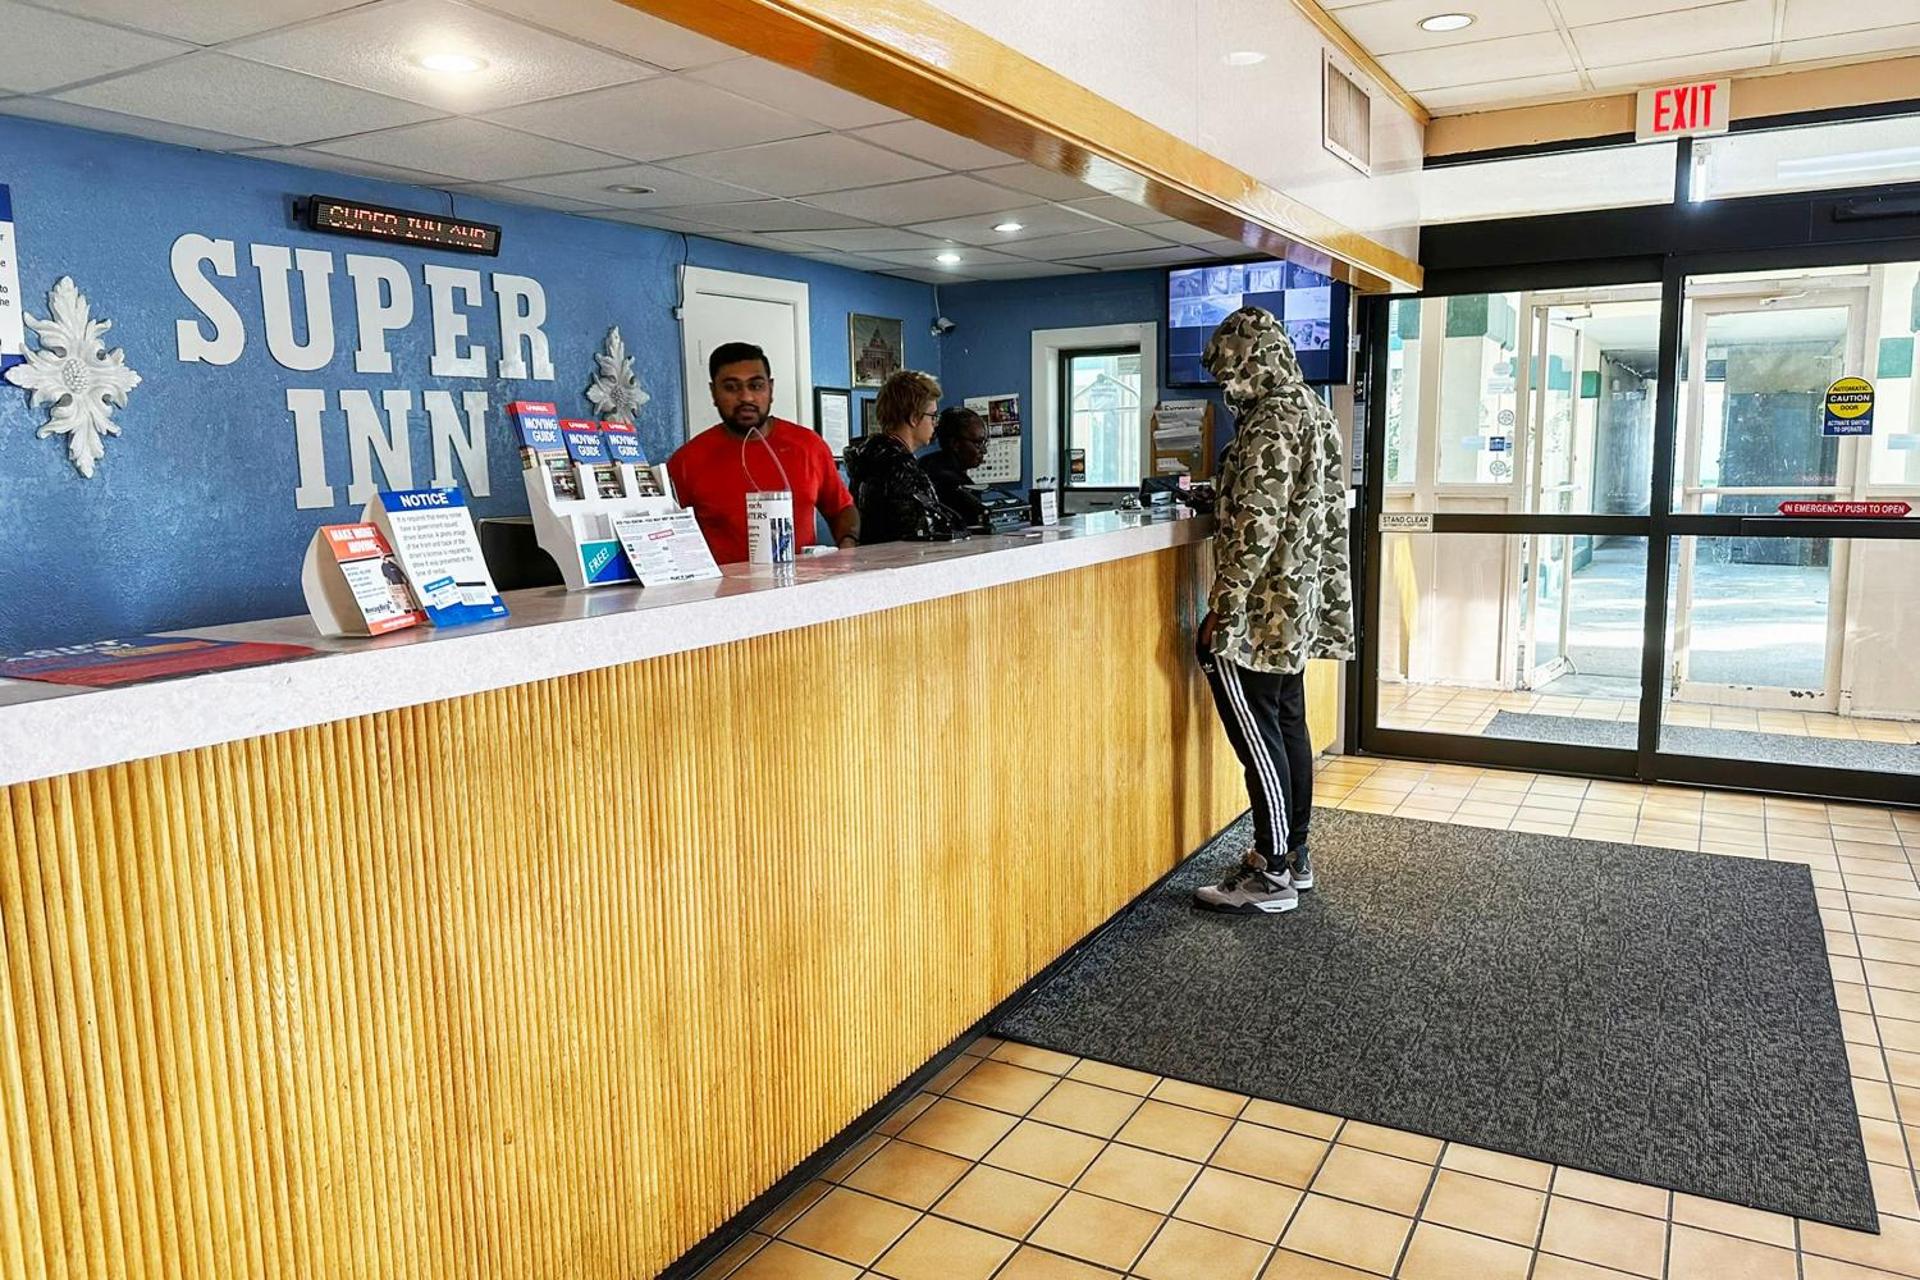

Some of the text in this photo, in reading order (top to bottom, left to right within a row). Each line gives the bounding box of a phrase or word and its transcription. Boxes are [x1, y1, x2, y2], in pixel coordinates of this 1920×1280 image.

[1654, 84, 1717, 132] EXIT
[329, 205, 398, 236] SUPER
[406, 217, 441, 242] INN
[170, 233, 555, 381] SUPER
[1829, 394, 1870, 402] CAUTION
[524, 417, 557, 430] MOVING
[532, 430, 557, 442] GUIDE
[569, 434, 600, 446] MOVING
[609, 434, 639, 446] MOVING
[286, 388, 491, 509] INN
[578, 446, 601, 457] GUIDE
[617, 446, 640, 457] GUIDE
[399, 492, 449, 508] NOTICE
[1784, 504, 1905, 514] IN EMERGENCY PUSH TO OPEN
[588, 547, 610, 573] FREE!
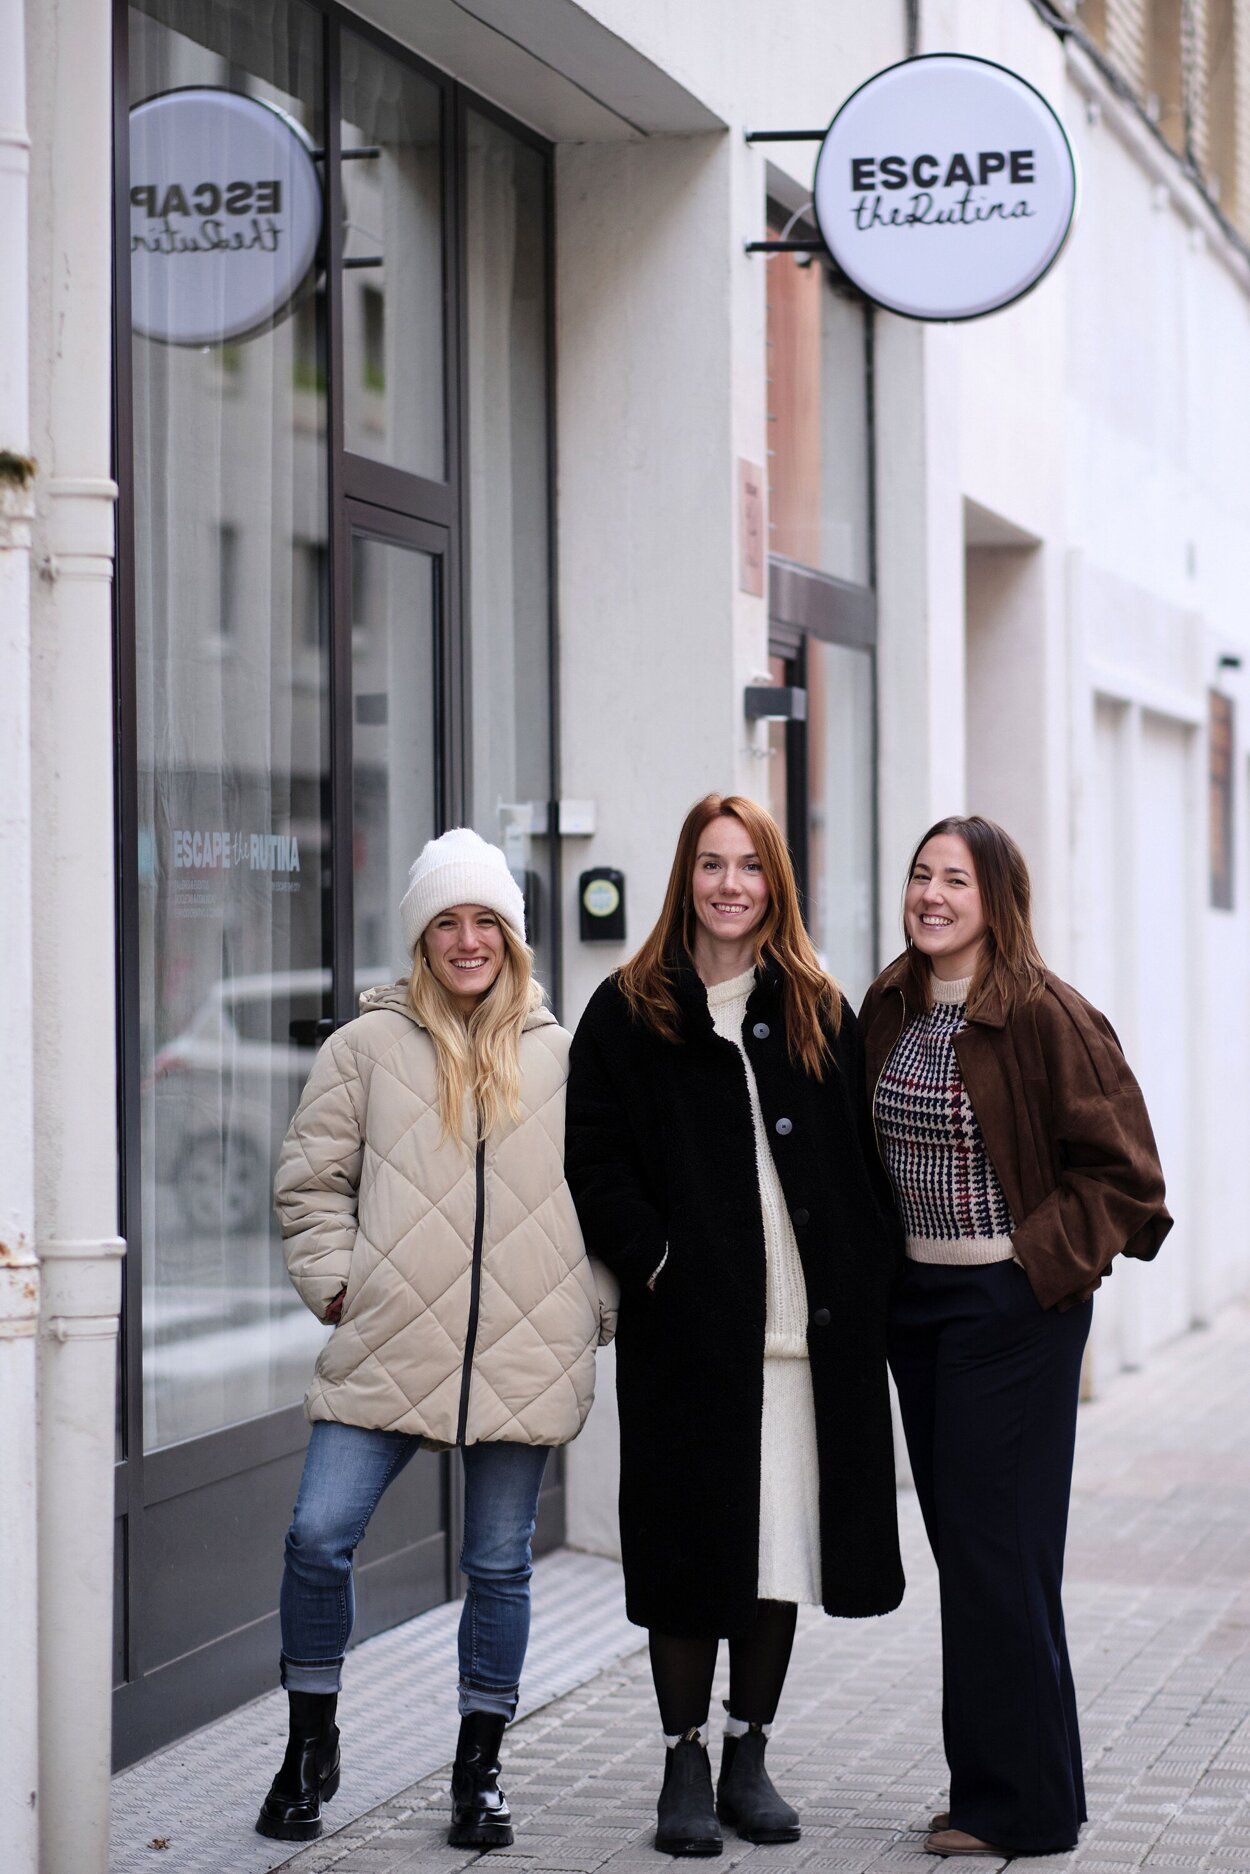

# # # #

### Exercise
In the transcription, every picture is to be excluded and the records above given again exactly.

### Reply to the task
Some of the text in this photo, in reading order (top to bottom, left to right within a row). Each line gives the bounding box of a phrase or word and its transcription. Boxes are [x1, y1, x2, y2], in pixel coordinates of this 1920×1280 image.

[1654, 84, 1717, 132] EXIT
[329, 205, 398, 236] SUPER
[406, 217, 441, 242] INN
[170, 233, 555, 381] SUPER
[1829, 394, 1870, 402] CAUTION
[524, 417, 557, 430] MOVING
[532, 430, 557, 442] GUIDE
[569, 434, 600, 446] MOVING
[609, 434, 639, 446] MOVING
[286, 388, 491, 509] INN
[578, 446, 601, 457] GUIDE
[617, 446, 640, 457] GUIDE
[399, 492, 449, 508] NOTICE
[1784, 504, 1905, 514] IN EMERGENCY PUSH TO OPEN
[588, 547, 610, 573] FREE!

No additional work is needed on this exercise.